CREATE MULTISET  TABLE SAN_D_FAAPOC_01.EMPLOYEE
(
EMP_NUM INTEGER NOT NULL,
EMP_NAME CHAR(30) NOT NULL,
DEPT_NO INTEGER NOT NULL
--,CONSTRAINT FOREIGN_EMP_DEPT FOREIGN KEY ( DEPT_NO)  REFERENCES  WITH NO CHECK OPTION DEPARTMENT(DEPT_NO)   
)
UNIQUE  PRIMARY  INDEX(EMP_NUM);

The Teradata answer on materialised views

Teradata has a feature that is designed to increase the performance of queries. This feature is called the “join index”. Such a join index is a structure that stores the outcomes from a query.
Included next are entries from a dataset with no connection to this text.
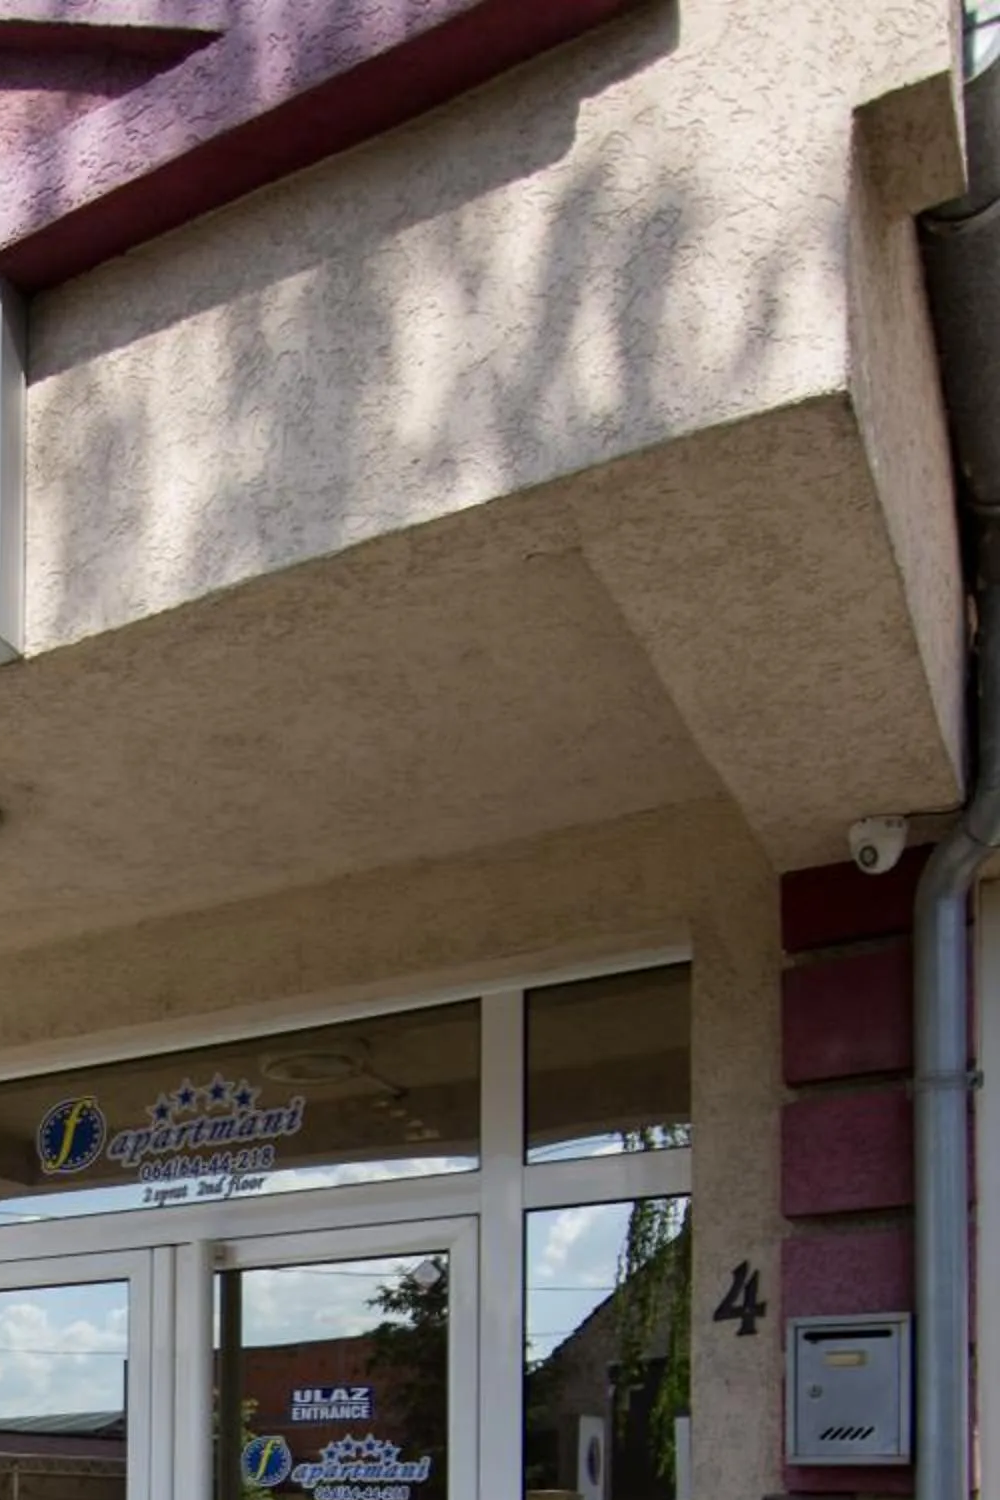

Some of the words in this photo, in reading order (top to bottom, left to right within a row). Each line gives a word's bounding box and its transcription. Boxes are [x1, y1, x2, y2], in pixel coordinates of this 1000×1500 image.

[107, 1096, 305, 1167] apartmani
[223, 1175, 266, 1200] floor
[713, 1260, 767, 1336] 4
[293, 1387, 370, 1403] ULAZ
[292, 1404, 370, 1421] ENTRANCE
These outcomes are stored permanently and they wait for the moment when they are called.
The syntax of such a join index is straightforward:

CREATE JOIN INDEX SAN_D_FAAPOC_01.EMP_DEPT
AS
SELECT
DEPT.DEPT_NO,
DEPT.DEPT_NAME,
EMP.EMP_NUM,
EMP.EMP_NAME
FROM
SAN_D_FAAPOC_01.EMPLOYEE EMP
INNER JOIN   
SAN_D_FAAPOC_01.DEPARTMENT DEPT
ON
DEPT.DEPT_NO = EMP.DEPT_NO
PRIMARY INDEX(EMP_NUM); 

The syntax contains the definition of a query. These outcomes are permanently stored in the database as an object that is called here as “EMP_DEPT”.

If a record gets added to one of the base tables that are used in the join index, the join index gets updated to reflect the new situation. This is the downside of the join index: each update in base table is automatically followed by an update of the join index. This involves extra overhead processing time.
Hence the creation of a join index must be weighted against the costs of a continuous update of the join index as result from changes in the base tables.
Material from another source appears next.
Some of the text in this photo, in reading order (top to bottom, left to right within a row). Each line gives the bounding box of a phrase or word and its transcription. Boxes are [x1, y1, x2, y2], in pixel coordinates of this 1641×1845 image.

It can be decided to create a permanent table that contains the query outcomes. Such a table can be updated at fixed time intervals (in stead of an automatic update as with the join index).

Two final remark.
One. One can not address a join index directly. A statement like “select * from join_index” will only return an error code. One only uses such a join index indirectly. It is used if a query is written that looks similar to the join index. In that case, the optimiser decides that join index reduces the time to return the outcomes.
Two. One might know that a join index is used when the explain plan is read. This explain plan is show if the query is preceded by the keyword “explain”. In that case a well-written text shows how the optimiser works. One may then see whether the join index is used or not.

Soft RI in Teradata

Teradata has the concept of “Soft RI”. In this concept, a foreign key is created but its restriction is not enforced.
What happens in that situation?

Let’s look at the normal situation of referential integrity. Suppose, we have two tables. One table is referred to by a second table. If a foreign key is created, we have a limitation on which records we may insert into the table under normal referential integrity. We cannot insert records that have a foreign key for which no relational record exist in the referring table. That is the normal foreign integrity constraint.
Example: we have an “employee” table that has a foreign key “dept_no” that refers to a record in a “department” table. Suppose the department table has records for department 101, 102 and 103. If a foreign key is created, one cannot add records in the employee table that refer to department 104, as this doesn’t exist in the department table.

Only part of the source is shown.